PF descobre rede que usava cabeleireiros como ‘mulas’ para tráfico internacional
A Polícia Federal, por meio da sede em Campinas, desencadeou nesta terça-feira (04) a ‘Operação Body Packing” para aprofundar investigações sobre organização criminosa voltada ao tráfico internacional de drogas que utiliza brasileiros, em sua maior parte cabeleireiros e cidadãos transexuais, para ingerir grandes quantidades de entorpecentes para transportá-las até a Europa.
Três mandados de busca e apreensão, expedidos pela 9ª Vara Federal de Campinas, estão sendo cumpridos nas cidades de São Paulo, SP, Goiânia, GO, e Brasília, DF, tendo por alvos investigados que são suspeitos de serem os organizadores e recrutadores de pessoas para o transporte da droga.
De acordo com a Polícia Federal até agora foram 18 flagrantes no Aeroporto de Viracopos, nesse estilo. Os investigadores descobriram que os traficantes recrutavam as “mulas” em eventos de beleza e congressos de cabeleireiros, prometendo vantagens nas viagens para a Europa.
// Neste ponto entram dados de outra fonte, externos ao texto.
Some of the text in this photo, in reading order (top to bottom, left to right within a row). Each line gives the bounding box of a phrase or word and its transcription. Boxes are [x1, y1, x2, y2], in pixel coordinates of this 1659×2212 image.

A investigação iniciou-se a partir da prisão em flagrante de dois passageiros (um homem e uma mulher), em 12.8.2018, que tentaram embarcar em um voo internacional de Campinas para Paris, com drogas ingeridas, sob a falsa alegação que estariam viajando em lua de mel.
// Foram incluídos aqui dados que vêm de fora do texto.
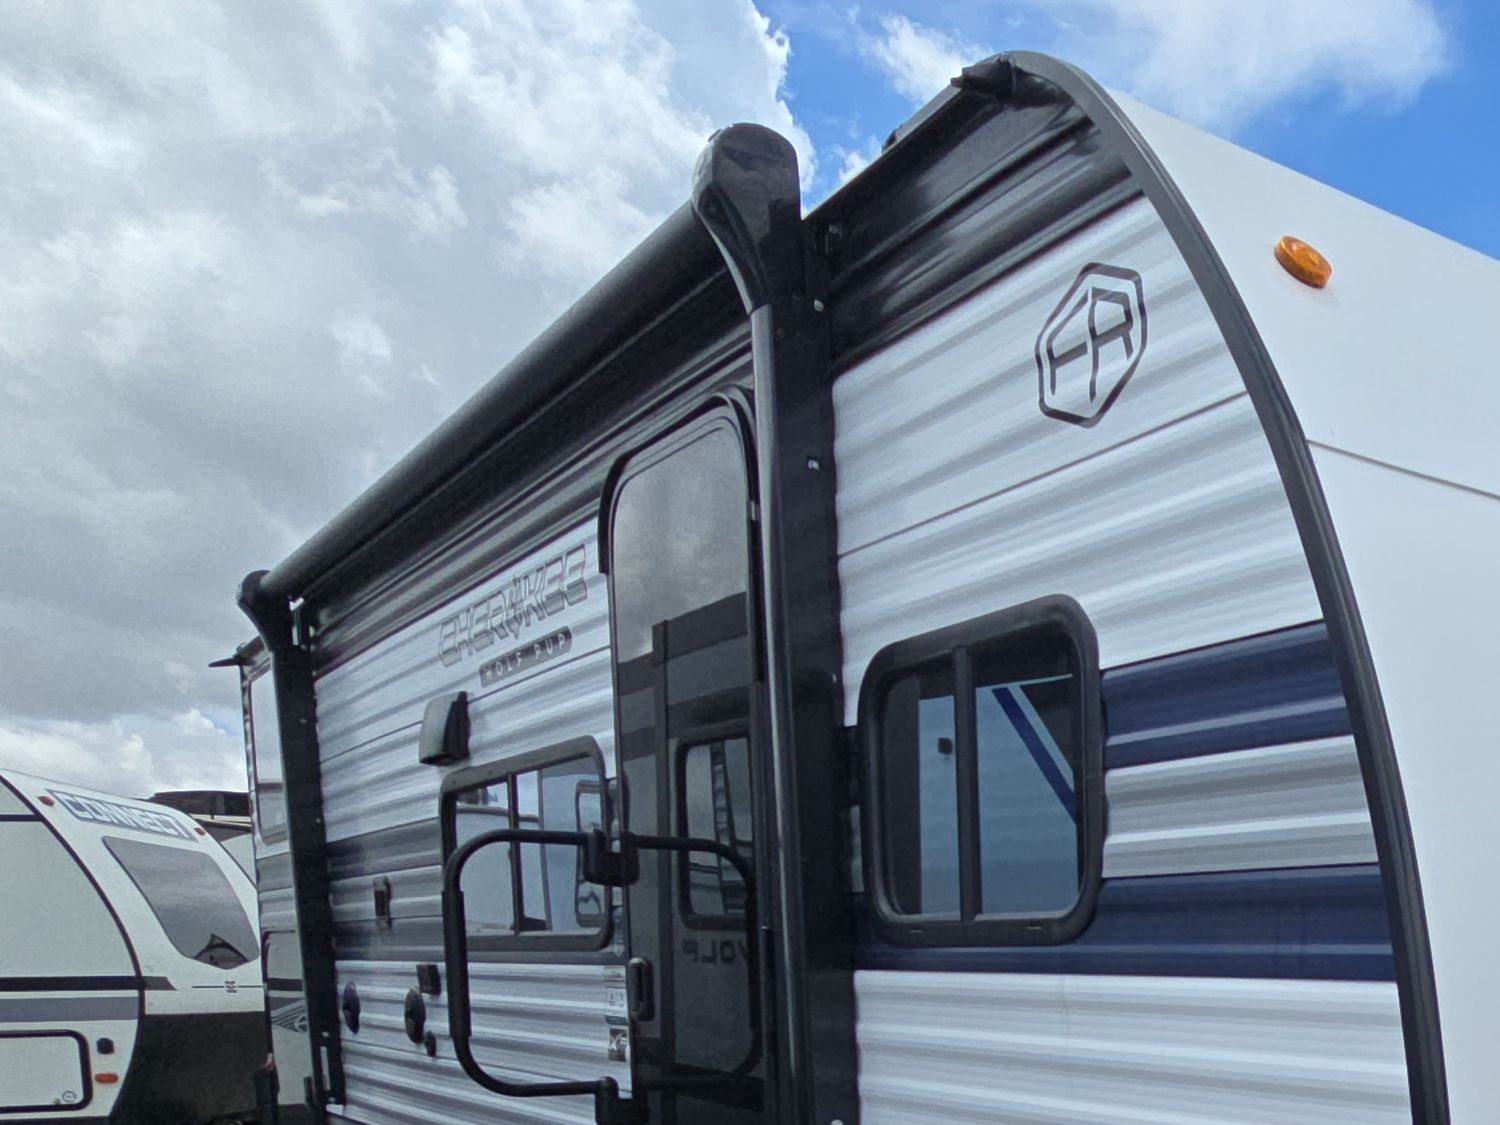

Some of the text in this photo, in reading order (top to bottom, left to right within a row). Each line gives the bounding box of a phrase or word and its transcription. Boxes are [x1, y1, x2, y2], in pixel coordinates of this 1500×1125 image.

[484, 630, 567, 680] WOLF PUP
[47, 789, 198, 842] CONNECT
Na oportunidade, dentro do corpo de ambos, foram encontradas 173 cápsulas com um total de 2,7kg de cocaína. Ambos foram presos e condenados.
Os dados extraídos dessa ocorrência levaram a identificar ao menos cinco outras ocorrências no Aeroporto Internacional de Viracopos em que as pessoas presas também se declararam trans, revelando indícios de uma rede nacional e internacional de pessoas envolvidas com tráfico de drogas e voltada à exploração de vulneráveis.
Dos quatro ora investigados ligados à cooptação e que hoje têm endereços que são objeto de buscas, dois deles, de origem estrangeira, já foram presos por tráfico de drogas e um deles é atualmente procurado pela Justiça.
Os investigados responderão pelos crimes de tráfico internacional de drogas e organização criminosa, podendo as penas ultrapassar 25 anos de prisão.
O nome da operação (em tradução literal do inglês, significa embalagem do corpo) faz referência ao uso do corpo humano como embalagem para a droga levada para entrega no exterior.
A operação conta com o apoio da Receita Federal e do Batalhão de Ações Especiais (BAEP).